Que bueno que nos volvimos a ver

O en Zipaquirá hace menos frío que en Chiquinquirá o nos estamos acostumbrando poco a poco a temperaturas más bajas. Es posible que, hoy, al dormir en el centro de la ciudad el frío se siente menos pero lo que es cierto es que nos hemos levantado menos agarrotados que ayer.

La mañana se nos fue rapidísima trabajando en la computadora y visitando un poco la ciudad. Alrededor de las 14:00 nos fuimos hacía La Calera en donde nos íbamos a encontrar con nuestros amigos Julián, Cesar y Ángela. A ellos los conocimos en Taganga cuando estábamos vendiendo tortillas, de hecho fueron de nuestros primeros clientes. Pasamos un rato muy agradable y quedamos en volver a vernos otra vez cuando llegáramos a Bogotá, una historia zaigüera.

 

A pocos kilómetros de salir de Zipaquirá nos encontramos con el parque Jaime Duque, en realidad no teníamos mucha información sobre este parque temático, solo que era uno de los lugares preferidos por los capitalinos para pasar un buen rato durante el fin de semana.

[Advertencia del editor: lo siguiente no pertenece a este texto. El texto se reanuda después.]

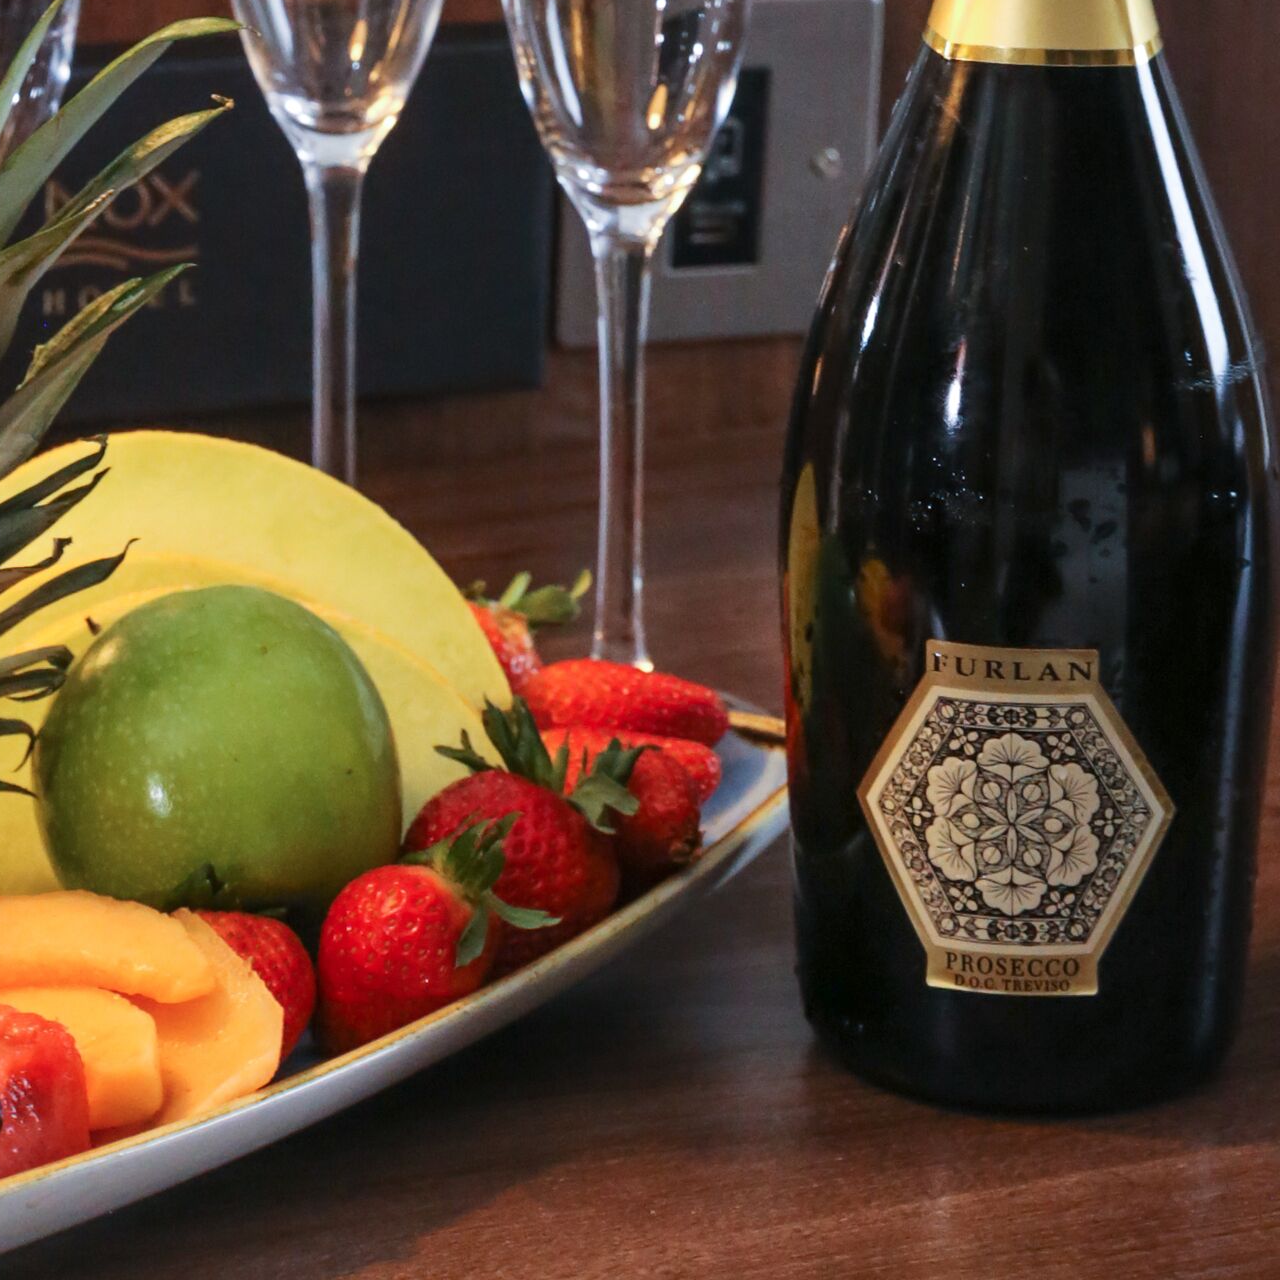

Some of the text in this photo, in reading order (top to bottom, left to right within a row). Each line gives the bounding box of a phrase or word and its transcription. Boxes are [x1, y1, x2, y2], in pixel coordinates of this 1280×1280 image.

[930, 652, 1095, 683] FURLAN
[945, 951, 1080, 978] PROSECCO
[954, 974, 1070, 992] D.O.C. TREVISO

Nos estacionamos y después de hablar con Uriel, unos de los encargados del parque, nos permitieron la entrada para que lo conociéramos más a fondo.

 

El parque se inauguró en 1983 gracias a los esfuerzos de un soñador, Jaime Duque Grisales. Don Jaime fue uno de los pilotos más reconocidos en la historia de la aviación colombiana y una vez retirado se consagró al servicio de la comunidad. Sin ninguna ayuda oficial ni particular donó y construyó diferentes obras, una de las cuales es el parque Jaime Duque. El objetivo de éste parque es estar al servicio de todos los colombianos que puedan divertirse al mismo tiempo que aprenden de historia, biología, geografía...  Por eso en el parque se puede encontrar desde una réplica a escala del Taj-Mahal hasta uno de los mejores zoológicos de toda Latinoamérica. La labor del parque no acaba aquí ya que con sus beneficios apoya a niños enfermos y con discapacidad, promueve programas educativos y atiende a adultos mayores desvalidos.

 

 

 

 

Para tener una buena idea del parque nos montamos en el tren panorámico. Pudimos observar diferentes animales en el zoológico (es el zoológico que hemos visto hasta ahora con mayor espacio para los animales), un castillo medieval, el jardín de los dinosaurios y otras atracciones. Nos pareció un lugar interesante para pasar un día que se puede disfrutar a partir de COL$12,000.

 

Desde el parque Jaime Duque nos dirigimos a Sopó, un pequeño pueblo de montaña en donde se puede visitar la Plaza de Los Tibas o  volar en parapente entre otros atractivos turísticos. Dimos un paseo por el centro, nos llovió (ya ni nos acordábamos de este fenómeno climatológico) y nos metimos en una cafetería a esperar a que pasara la tormenta.

 

Sopó
Sopó

A las 20:00 nos fuimos de Sopó y en unos 40 minutos llegamos hasta la Calera. En la plaza principal nos estaban esperando Julián, Cesar y Ángela. Fue muy agradable volver a encontrarnos con nuestros amigos y compartir historias de viaje (ellos estuvieron viajando en moto durante tres semanas por Colombia). Nos invitaron a cenar y nos fuimos hasta su casa, viven en una finca en lo alto de la Calera. El frío se comenzó a sentir y nos tomamos un agua de panela caliente. Seguimos charlando hasta la medianoche, nos acomodaron en un apartamento en la parte de arriba de la casa de Julián y aquí vamos a pasar la noche bien arropados. Ya tenemos ganas de despertarnos y ver el paisaje, intuimos que toda esta zona va a estar muy linda, mañana lo comprobaremos.